## To do
Exact reproduction of every record is required, and pictures are to be excluded.

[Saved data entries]
▼
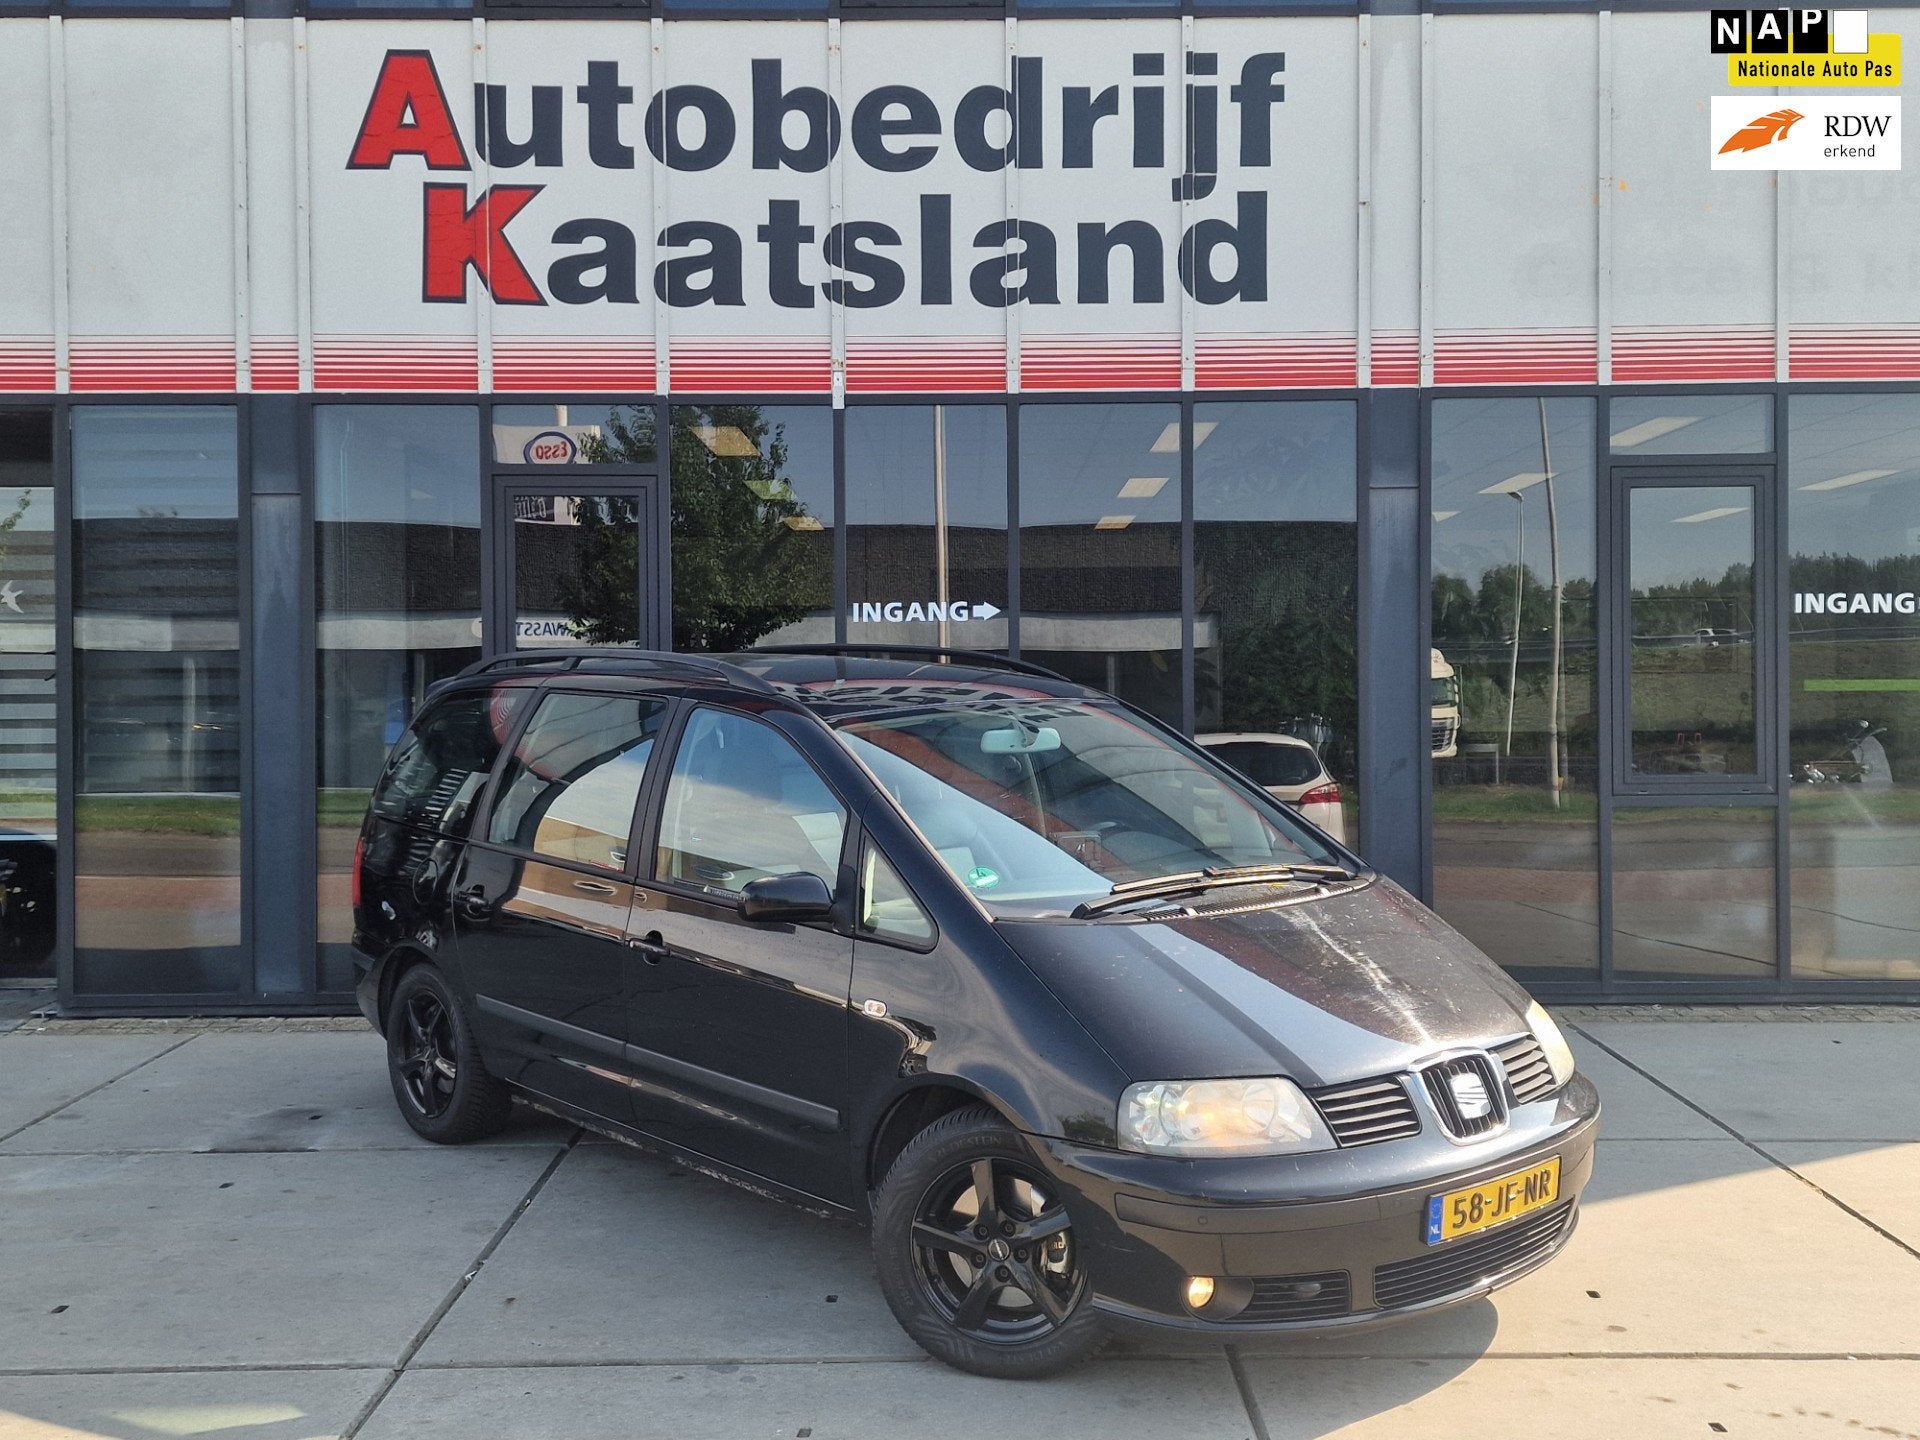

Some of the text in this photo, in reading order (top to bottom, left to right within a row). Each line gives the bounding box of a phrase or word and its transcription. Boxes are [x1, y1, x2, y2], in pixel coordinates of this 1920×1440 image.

[346, 49, 1286, 202] Autobedrijf
[422, 182, 1268, 309] Kaatsland
[852, 601, 969, 623] INGANG
[1794, 592, 1915, 614] INGANG
[1430, 1169, 1552, 1235] NL 58-JF-NR
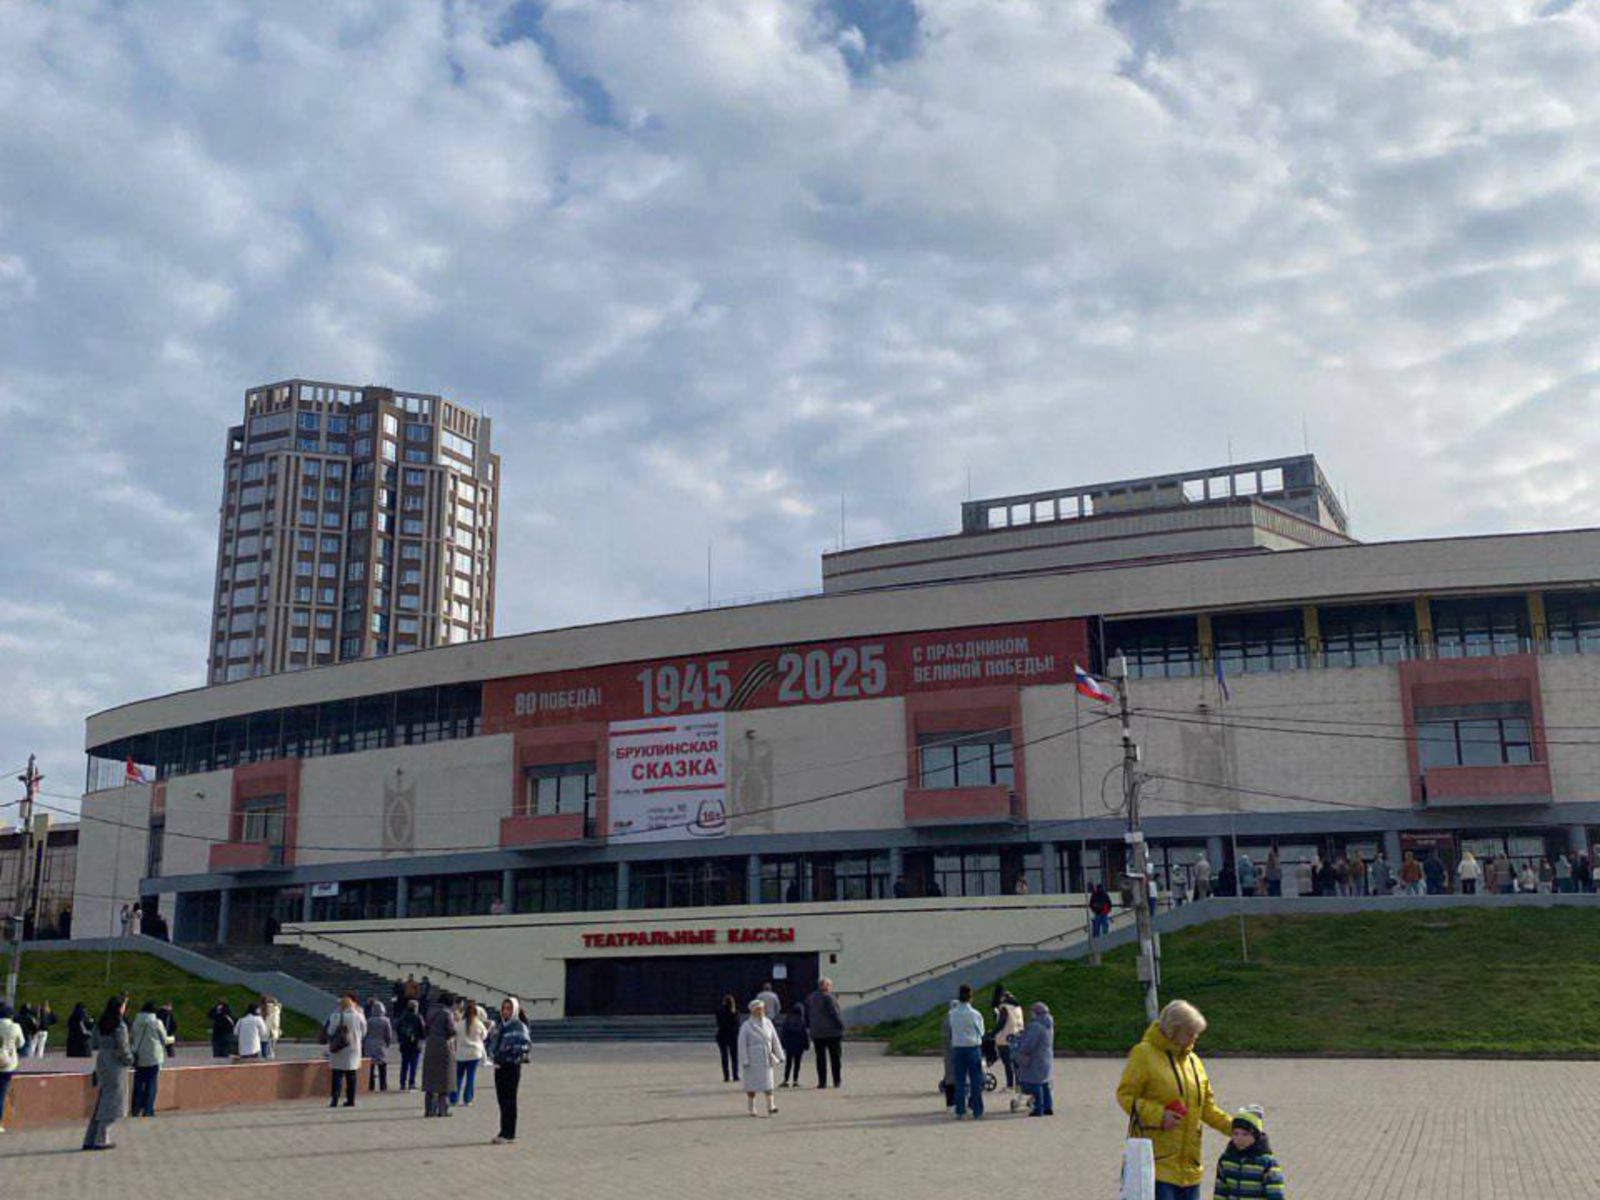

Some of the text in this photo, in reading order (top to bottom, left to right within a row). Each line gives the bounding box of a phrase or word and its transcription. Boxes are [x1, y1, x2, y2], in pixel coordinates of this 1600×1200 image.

[912, 637, 1029, 663] С ПРАЗДНИКОМ
[778, 644, 887, 702] 2025
[914, 655, 1055, 683] ВЕЛИКОЙ ПОБЕДЫ!
[539, 687, 602, 711] ПОБЕДА!
[637, 660, 732, 714] 1945
[631, 758, 718, 781] СКАЗКА
[581, 927, 795, 948] ТЕАТРАЛЬНЫЕ КАССЫ
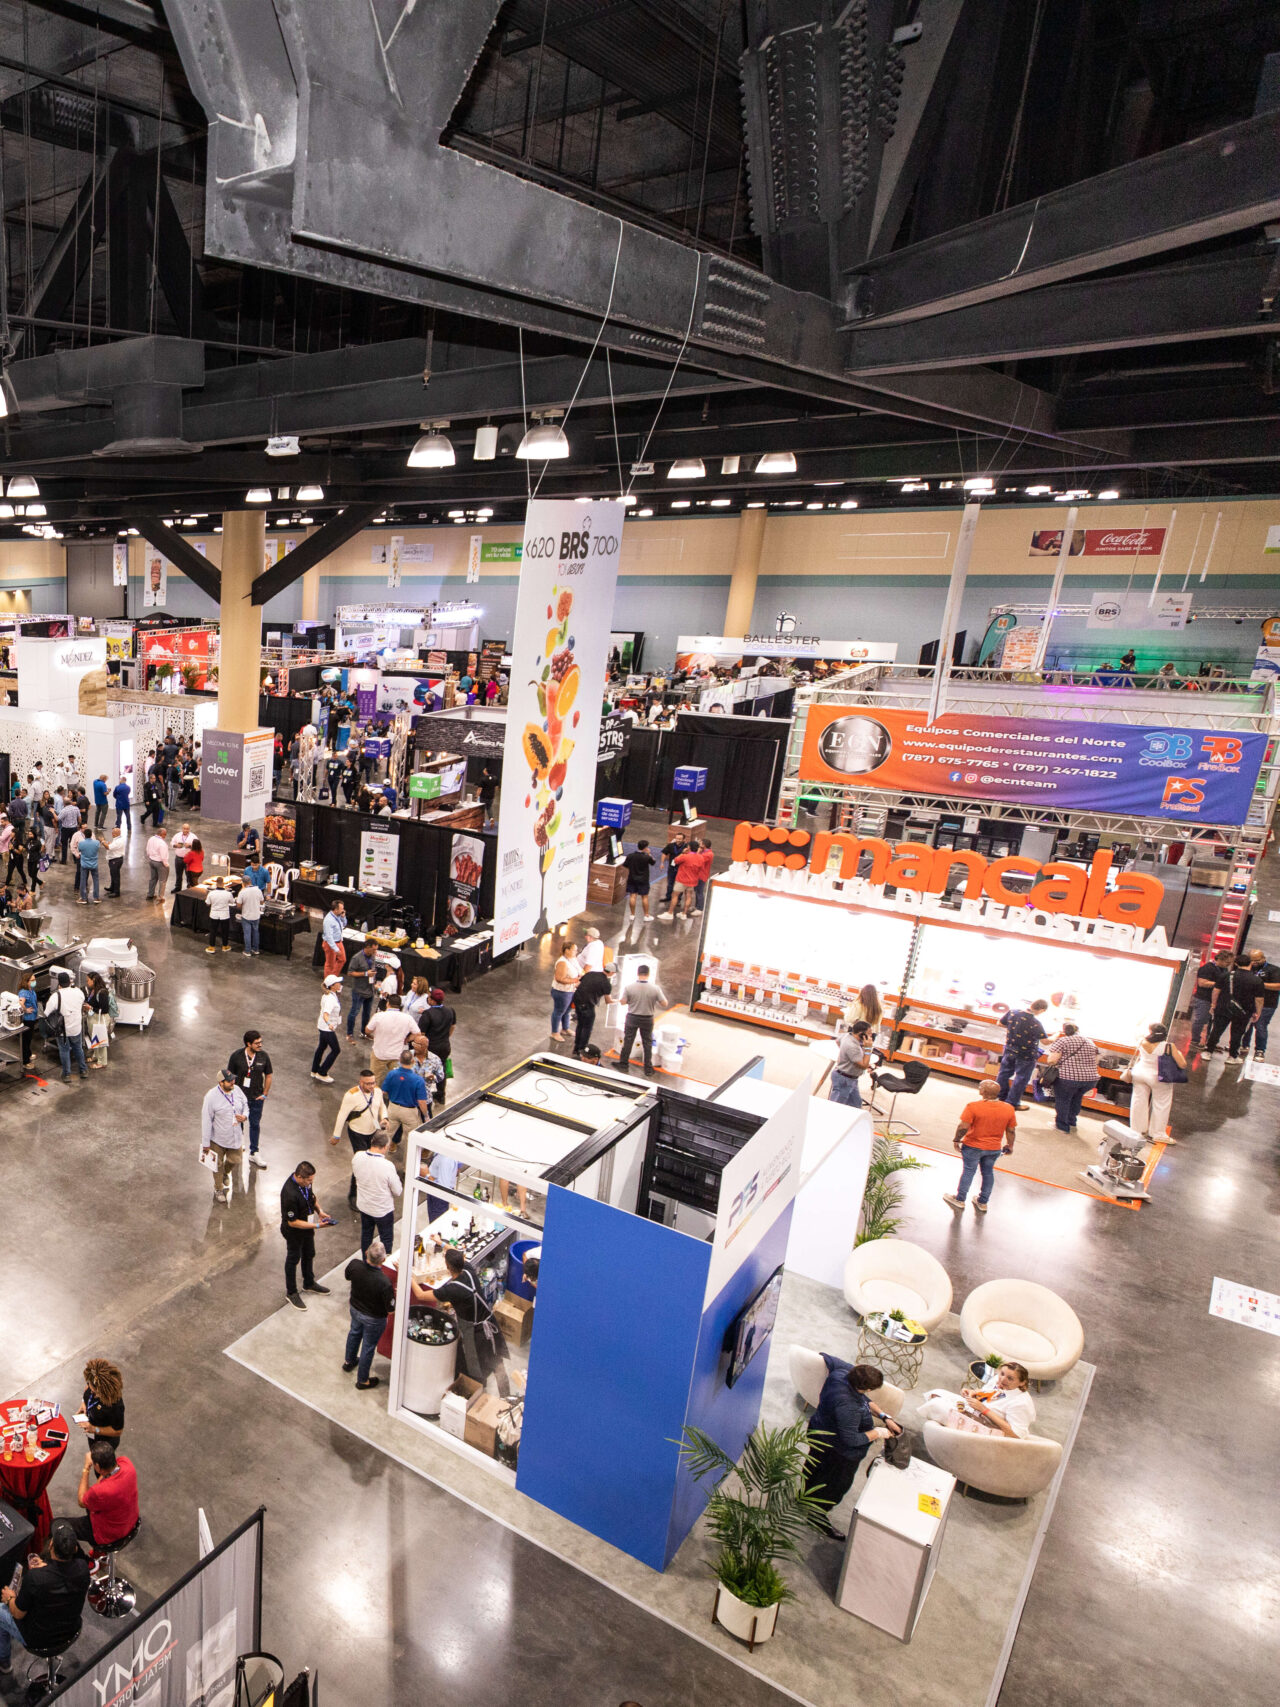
▲
## Response
Some of the text in this photo, in reading order (top to bottom, left to right within a row). Each line gives the bounding box of a phrase or word and its transcription. Boxes are [x1, y1, x2, y2], in pixel coordinates of this 1920×1440 image.

[346, 49, 1286, 202] Autobedrijf
[422, 182, 1268, 309] Kaatsland
[852, 601, 969, 623] INGANG
[1794, 592, 1915, 614] INGANG
[1430, 1169, 1552, 1235] NL 58-JF-NR

Some of the text in this photo, in reading order (top to bottom, left to right within a row). Each line gives the bounding box of a phrase or word and its transcription. Boxes are [x1, y1, x2, y2], in pixel coordinates of this 1600×1200 image.

[912, 637, 1029, 663] С ПРАЗДНИКОМ
[778, 644, 887, 702] 2025
[914, 655, 1055, 683] ВЕЛИКОЙ ПОБЕДЫ!
[539, 687, 602, 711] ПОБЕДА!
[637, 660, 732, 714] 1945
[631, 758, 718, 781] СКАЗКА
[581, 927, 795, 948] ТЕАТРАЛЬНЫЕ КАССЫ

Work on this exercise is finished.